- [Available data]:

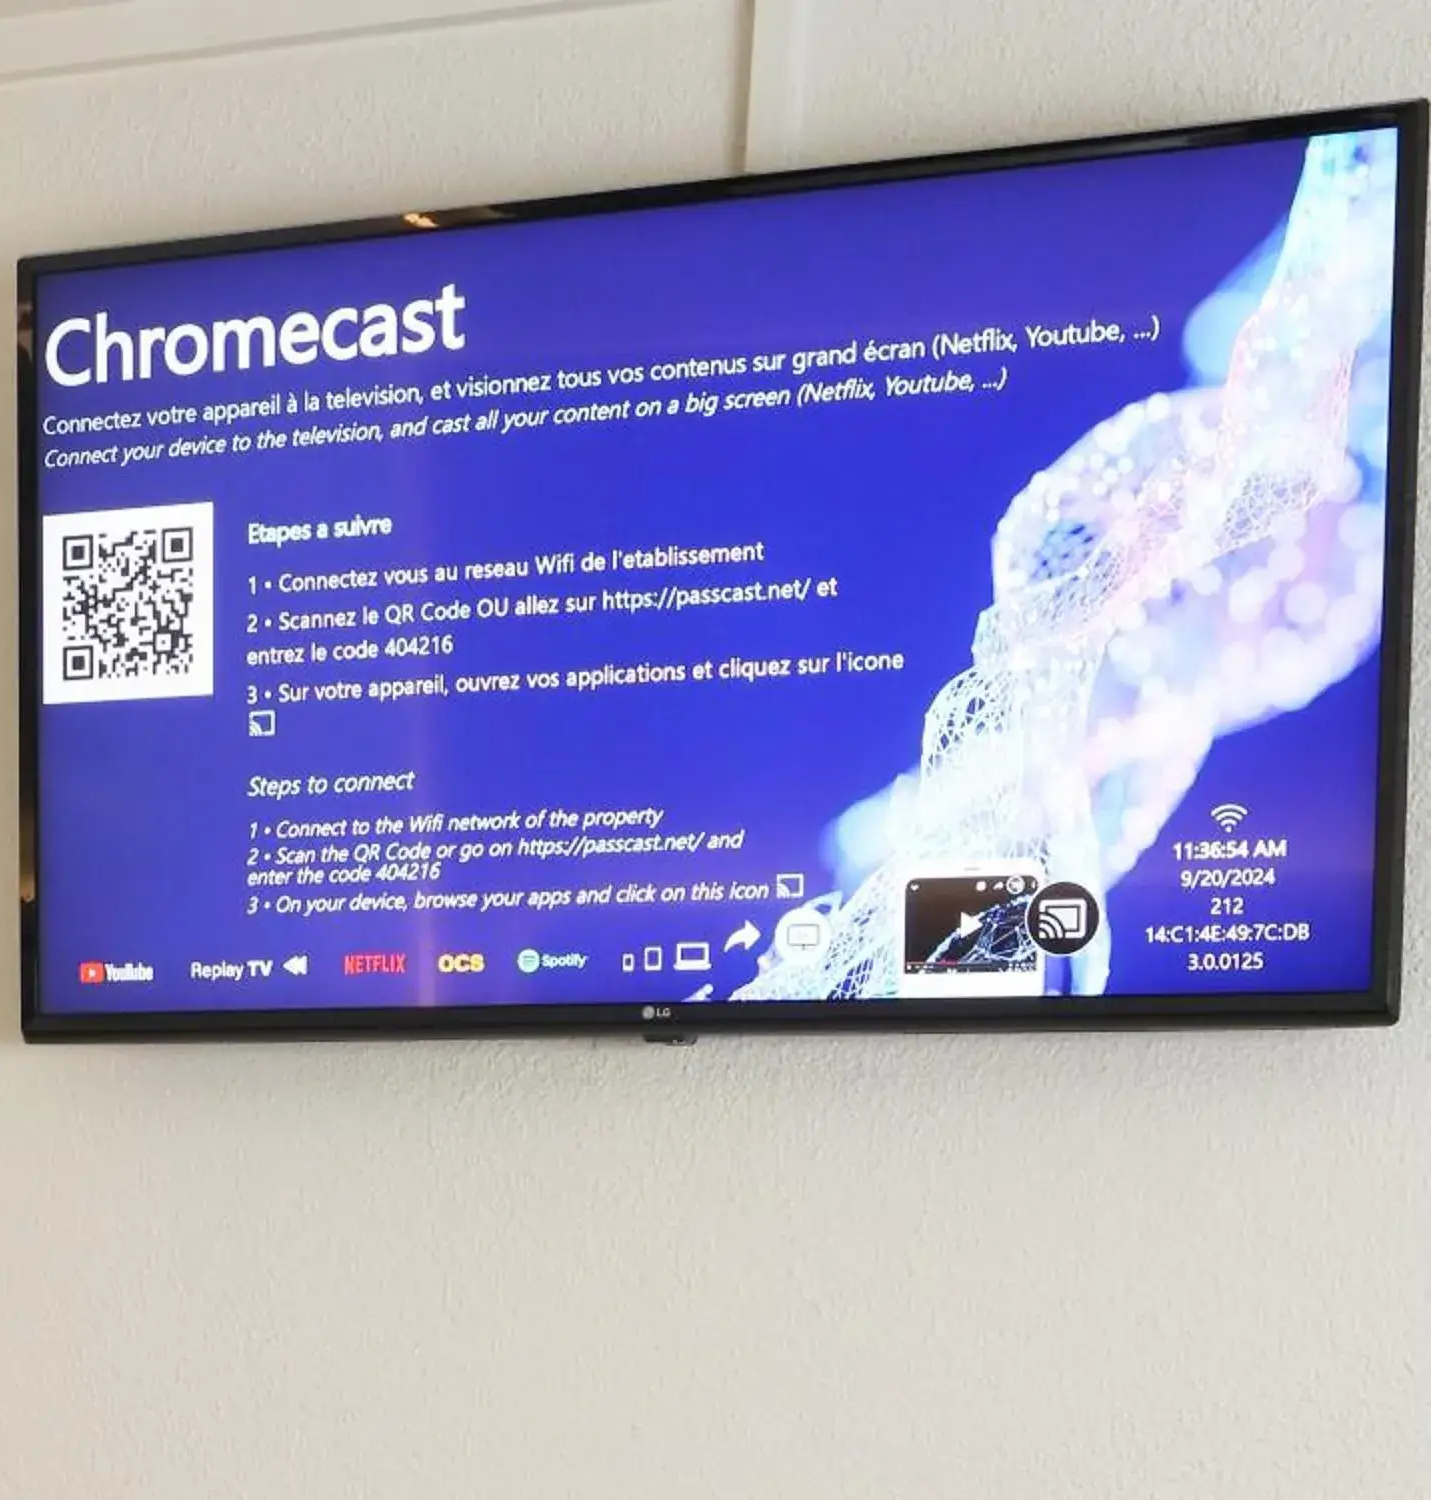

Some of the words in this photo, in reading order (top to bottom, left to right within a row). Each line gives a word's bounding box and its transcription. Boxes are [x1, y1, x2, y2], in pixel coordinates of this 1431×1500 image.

[44, 283, 466, 387] Chromecast
[42, 411, 142, 435] Connectez
[146, 405, 198, 427] votre
[202, 392, 281, 426] appareil
[286, 391, 298, 414] à
[304, 390, 320, 412] la
[325, 383, 424, 411] television,
[430, 380, 452, 401] et
[455, 374, 552, 398] visionnez
[556, 370, 602, 390] tous
[606, 366, 645, 385] vos
[650, 357, 748, 381] contenus
[752, 353, 787, 373] sur
[792, 339, 858, 375] grand
[862, 339, 926, 363] écran
[931, 327, 1018, 361] (Netflix,
[1024, 319, 1126, 349] Youtube,
[44, 445, 119, 468] Connect
[120, 444, 165, 467] your
[168, 434, 228, 458] device
[232, 434, 252, 453] to
[256, 429, 288, 450] the
[292, 421, 384, 447] television,
[389, 415, 429, 439] and
[432, 413, 472, 435] cast
[474, 408, 500, 431] all
[500, 409, 550, 435] your
[552, 399, 631, 425] content
[634, 399, 662, 417] on
[666, 399, 680, 415] a
[684, 391, 720, 417] big
[722, 389, 791, 411] screen
[796, 377, 876, 408] (Netflix,
[885, 369, 975, 397] Youtube,
[248, 522, 312, 547] Etapes
[316, 522, 329, 539] a
[333, 513, 393, 538] suivre
[248, 575, 256, 595] 1
[278, 569, 378, 593] Connectez
[383, 567, 429, 586] vous
[434, 565, 458, 583] au
[464, 561, 529, 580] reseau
[534, 552, 575, 575] Wifi
[580, 551, 606, 573] de
[612, 543, 765, 571] l'etablissement
[246, 613, 258, 634] 2
[278, 610, 357, 631] Scannez
[362, 605, 380, 625] le
[384, 603, 415, 626] QR
[420, 599, 472, 622] Code
[476, 597, 509, 619] OU
[514, 594, 560, 616] allez
[565, 595, 597, 613] sur
[602, 577, 812, 614] https://passcast.net/
[816, 577, 838, 597] et
[246, 647, 305, 667] entrez
[310, 641, 328, 662] le
[332, 639, 380, 662] code
[384, 633, 454, 657] 404216
[246, 684, 258, 705] 3
[278, 683, 310, 703] Sur
[313, 681, 363, 701] votre
[368, 673, 449, 703] appareil,
[455, 673, 520, 693] ouvrez
[526, 671, 560, 689] vos
[565, 662, 686, 692] applications
[692, 660, 714, 681] et
[718, 657, 792, 683] cliquez
[797, 657, 831, 675] sur
[836, 651, 905, 673] l'icone
[246, 775, 302, 801] Steps
[307, 775, 328, 795] to
[333, 770, 416, 794] connect
[250, 821, 258, 839] 1
[276, 819, 348, 839] Connect
[351, 819, 371, 836] to
[374, 815, 404, 835] the
[409, 813, 445, 833] Wifi
[447, 810, 522, 832] network
[524, 808, 548, 829] of
[548, 808, 580, 829] the
[581, 807, 664, 832] property
[246, 847, 260, 867] 2
[277, 846, 316, 864] Scan
[320, 843, 350, 864] the
[354, 843, 381, 864] QR
[385, 840, 431, 863] Code
[437, 844, 458, 860] or
[458, 843, 485, 863] go
[488, 842, 514, 858] on
[517, 831, 706, 860] https://passcast.net/
[706, 828, 746, 850] and
[1172, 839, 1250, 861] 11:36:54
[1251, 838, 1288, 859] AM
[246, 869, 294, 887] enter
[296, 865, 325, 885] the
[328, 863, 372, 884] code
[375, 862, 442, 882] 404216
[1180, 867, 1276, 890] 9/20/2024
[246, 895, 259, 915] 3
[275, 895, 302, 914] On
[302, 897, 348, 917] your
[348, 891, 408, 913] device,
[412, 889, 479, 910] browse
[480, 891, 526, 913] your
[526, 889, 572, 911] apps
[575, 883, 613, 905] and
[615, 883, 658, 904] click
[660, 886, 686, 903] on
[690, 881, 726, 902] this
[728, 880, 770, 901] icon
[1210, 896, 1244, 915] 212
[190, 959, 245, 982] Replay
[246, 959, 274, 977] TV
[344, 953, 406, 976] NETFLIX
[438, 953, 485, 974] OCS
[541, 953, 586, 969] Spotify
[1188, 951, 1264, 971] 3.0.0125

- [Task goal]:
Omit every picture, then reproduce the rest of the listing exactly.

- [Your solution]:
Some of the words in this photo, in reading order (top to bottom, left to right within a row). Each line gives a word's bounding box and its transcription. Boxes are [x1, y1, x2, y2], in pixel coordinates of this 1431×1500 image.

[44, 283, 466, 387] Chromecast
[42, 411, 142, 435] Connectez
[146, 405, 198, 427] votre
[202, 392, 281, 426] appareil
[286, 391, 298, 414] à
[304, 390, 320, 412] la
[325, 383, 424, 411] television,
[430, 380, 452, 401] et
[455, 374, 552, 398] visionnez
[556, 370, 602, 390] tous
[606, 366, 645, 385] vos
[650, 357, 748, 381] contenus
[752, 353, 787, 373] sur
[792, 339, 858, 375] grand
[862, 339, 926, 363] écran
[931, 327, 1018, 361] (Netflix,
[1024, 319, 1126, 349] Youtube,
[44, 445, 119, 468] Connect
[120, 444, 165, 467] your
[168, 434, 228, 458] device
[232, 434, 252, 453] to
[256, 429, 288, 450] the
[292, 421, 384, 447] television,
[389, 415, 429, 439] and
[432, 413, 472, 435] cast
[474, 408, 500, 431] all
[500, 409, 550, 435] your
[552, 399, 631, 425] content
[634, 399, 662, 417] on
[666, 399, 680, 415] a
[684, 391, 720, 417] big
[722, 389, 791, 411] screen
[796, 377, 876, 408] (Netflix,
[885, 369, 975, 397] Youtube,
[248, 522, 312, 547] Etapes
[316, 522, 329, 539] a
[333, 513, 393, 538] suivre
[248, 575, 256, 595] 1
[278, 569, 378, 593] Connectez
[383, 567, 429, 586] vous
[434, 565, 458, 583] au
[464, 561, 529, 580] reseau
[534, 552, 575, 575] Wifi
[580, 551, 606, 573] de
[612, 543, 765, 571] l'etablissement
[246, 613, 258, 634] 2
[278, 610, 357, 631] Scannez
[362, 605, 380, 625] le
[384, 603, 415, 626] QR
[420, 599, 472, 622] Code
[476, 597, 509, 619] OU
[514, 594, 560, 616] allez
[565, 595, 597, 613] sur
[602, 577, 812, 614] https://passcast.net/
[816, 577, 838, 597] et
[246, 647, 305, 667] entrez
[310, 641, 328, 662] le
[332, 639, 380, 662] code
[384, 633, 454, 657] 404216
[246, 684, 258, 705] 3
[278, 683, 310, 703] Sur
[313, 681, 363, 701] votre
[368, 673, 449, 703] appareil,
[455, 673, 520, 693] ouvrez
[526, 671, 560, 689] vos
[565, 662, 686, 692] applications
[692, 660, 714, 681] et
[718, 657, 792, 683] cliquez
[797, 657, 831, 675] sur
[836, 651, 905, 673] l'icone
[246, 775, 302, 801] Steps
[307, 775, 328, 795] to
[333, 770, 416, 794] connect
[250, 821, 258, 839] 1
[276, 819, 348, 839] Connect
[351, 819, 371, 836] to
[374, 815, 404, 835] the
[409, 813, 445, 833] Wifi
[447, 810, 522, 832] network
[524, 808, 548, 829] of
[548, 808, 580, 829] the
[581, 807, 664, 832] property
[246, 847, 260, 867] 2
[277, 846, 316, 864] Scan
[320, 843, 350, 864] the
[354, 843, 381, 864] QR
[385, 840, 431, 863] Code
[437, 844, 458, 860] or
[458, 843, 485, 863] go
[488, 842, 514, 858] on
[517, 831, 706, 860] https://passcast.net/
[706, 828, 746, 850] and
[1172, 839, 1250, 861] 11:36:54
[1251, 838, 1288, 859] AM
[246, 869, 294, 887] enter
[296, 865, 325, 885] the
[328, 863, 372, 884] code
[375, 862, 442, 882] 404216
[1180, 867, 1276, 890] 9/20/2024
[246, 895, 259, 915] 3
[275, 895, 302, 914] On
[302, 897, 348, 917] your
[348, 891, 408, 913] device,
[412, 889, 479, 910] browse
[480, 891, 526, 913] your
[526, 889, 572, 911] apps
[575, 883, 613, 905] and
[615, 883, 658, 904] click
[660, 886, 686, 903] on
[690, 881, 726, 902] this
[728, 880, 770, 901] icon
[1210, 896, 1244, 915] 212
[190, 959, 245, 982] Replay
[246, 959, 274, 977] TV
[344, 953, 406, 976] NETFLIX
[438, 953, 485, 974] OCS
[541, 953, 586, 969] Spotify
[1188, 951, 1264, 971] 3.0.0125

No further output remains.